1 large onion – 200g
1 garlic clove
200g  minced beef
2 tsp chilli sauce
1 tsp ground cumin
1 beef stock cube
200 g can chopped tomatoes
1 tablespoons tomato ketchup or purée
200 g can red kidney beans
1 small red pepper 70g

To serve – soured cream and plain boiled long grain rice, chopped coriander

chilli con carneMethod

  1. Cut the onion into very small dice. Crush the clove of garlic.
  2. Cut the pepper in half, remove the stalk and seeds, then chop into dice.
  3. Put the minced beef in a frying pan and break up and flatten with a wooden spoon so that the meat can fry evenly. Stir in the onion and the garlic.

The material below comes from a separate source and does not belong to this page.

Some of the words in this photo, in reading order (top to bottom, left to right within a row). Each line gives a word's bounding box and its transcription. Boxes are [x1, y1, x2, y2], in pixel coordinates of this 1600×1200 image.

  4. Heat the mixture, stirring all the time, and fry for 5-10 minutes until the meat turns brown and the onion softens and cooks.

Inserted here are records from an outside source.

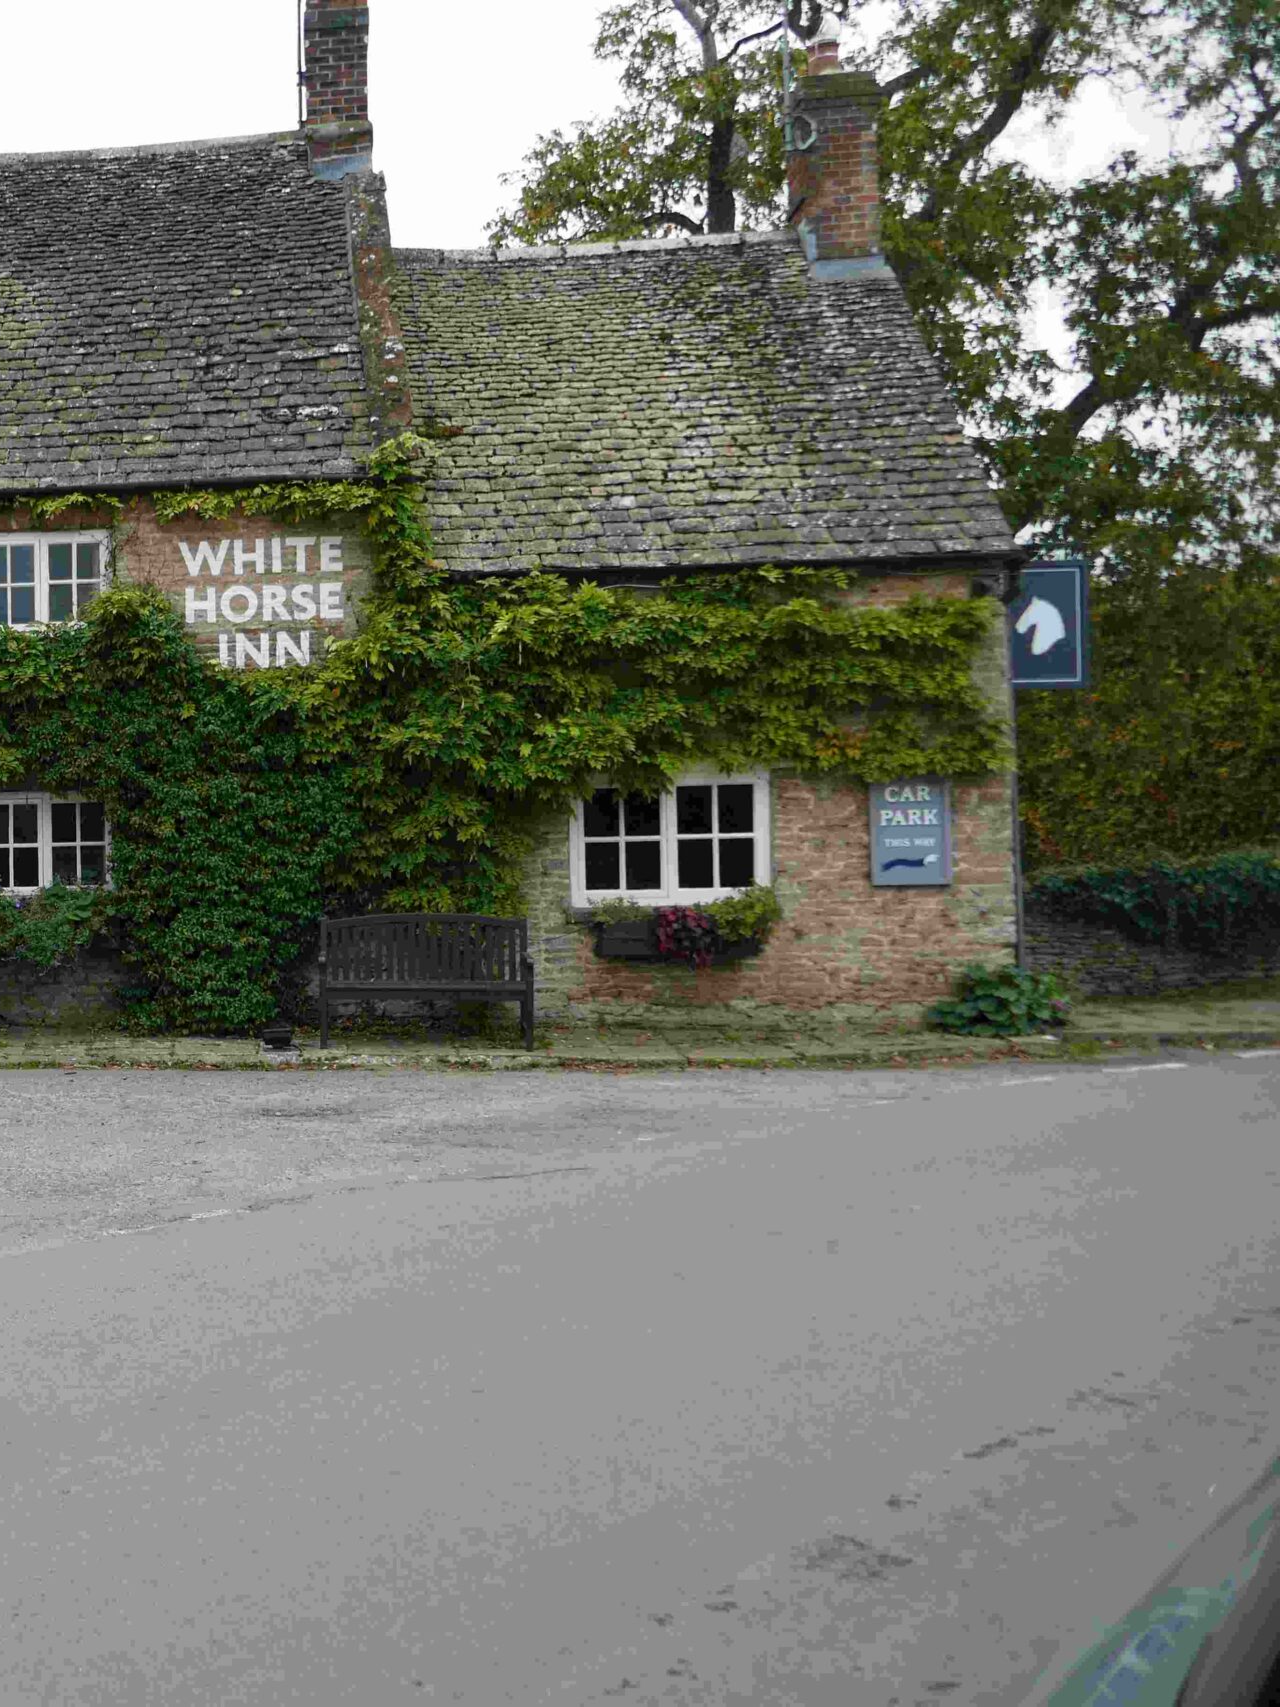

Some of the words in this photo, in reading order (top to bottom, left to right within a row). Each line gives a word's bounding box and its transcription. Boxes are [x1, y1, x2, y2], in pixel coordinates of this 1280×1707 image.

[178, 536, 344, 577] WHITE
[185, 582, 345, 624] HORSE
[218, 631, 311, 669] INN
[884, 785, 931, 802] CAR
[880, 808, 939, 826] PARK
[884, 838, 911, 848] THIS

  5. Crumble in the stock cube, add the chilli sauce and cumin and stir well.
  6. Stir in the tomatoes, and tomato ketchup and simmer for 15 minutes. Add water if the mixture begins to dry out.
  7. Stir in the red kidney beans into the mixture along with the red pepper. Cover with a lid and simmer for a further 10 minutes until the mixture is hot.
  8. Taste and add more salt and pepper if needed. Leave the chilli con carne to stand so that the flavours can mingle.
  9. Serve with boiled rice, sour cream and chopped coriander leaves.